▶ [Task statement]
Give the entries again exactly, without pictures.

▶ [Entries provided]

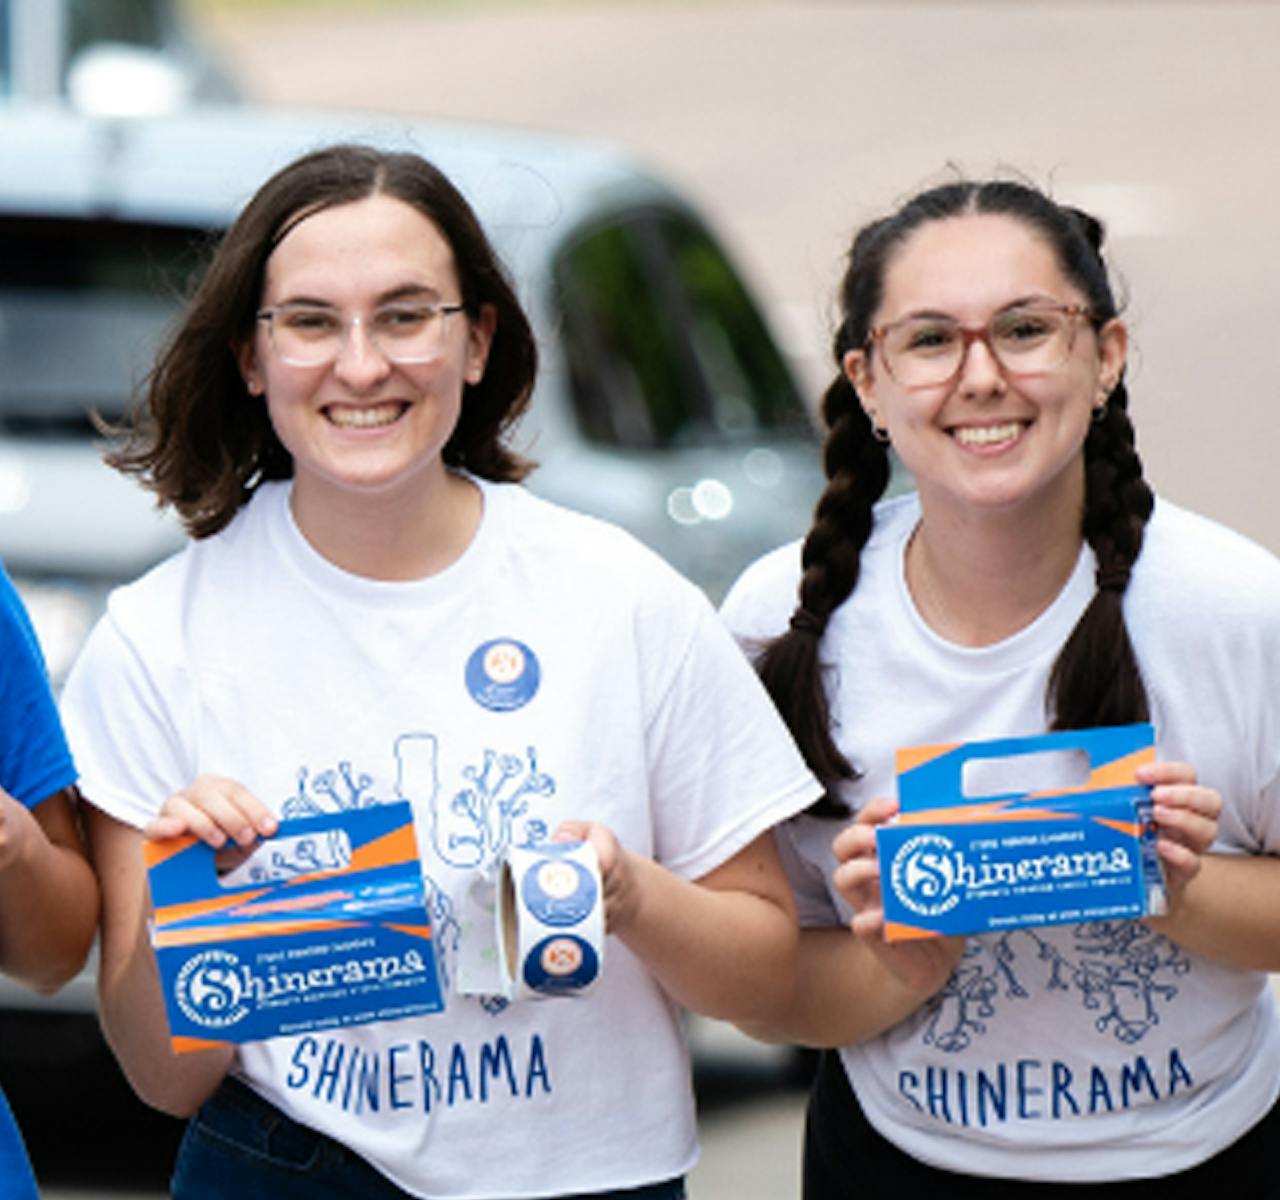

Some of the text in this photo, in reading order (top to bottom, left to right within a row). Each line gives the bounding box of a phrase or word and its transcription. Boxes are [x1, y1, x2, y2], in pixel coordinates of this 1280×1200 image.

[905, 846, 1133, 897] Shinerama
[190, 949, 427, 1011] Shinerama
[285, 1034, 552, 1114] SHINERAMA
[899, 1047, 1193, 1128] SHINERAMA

▶ [Result]
Some of the text in this photo, in reading order (top to bottom, left to right within a row). Each line gives the bounding box of a phrase or word and its transcription. Boxes are [x1, y1, x2, y2], in pixel coordinates of this 1280×1200 image.

[905, 846, 1133, 897] Shinerama
[190, 949, 427, 1011] Shinerama
[285, 1034, 552, 1114] SHINERAMA
[899, 1047, 1193, 1128] SHINERAMA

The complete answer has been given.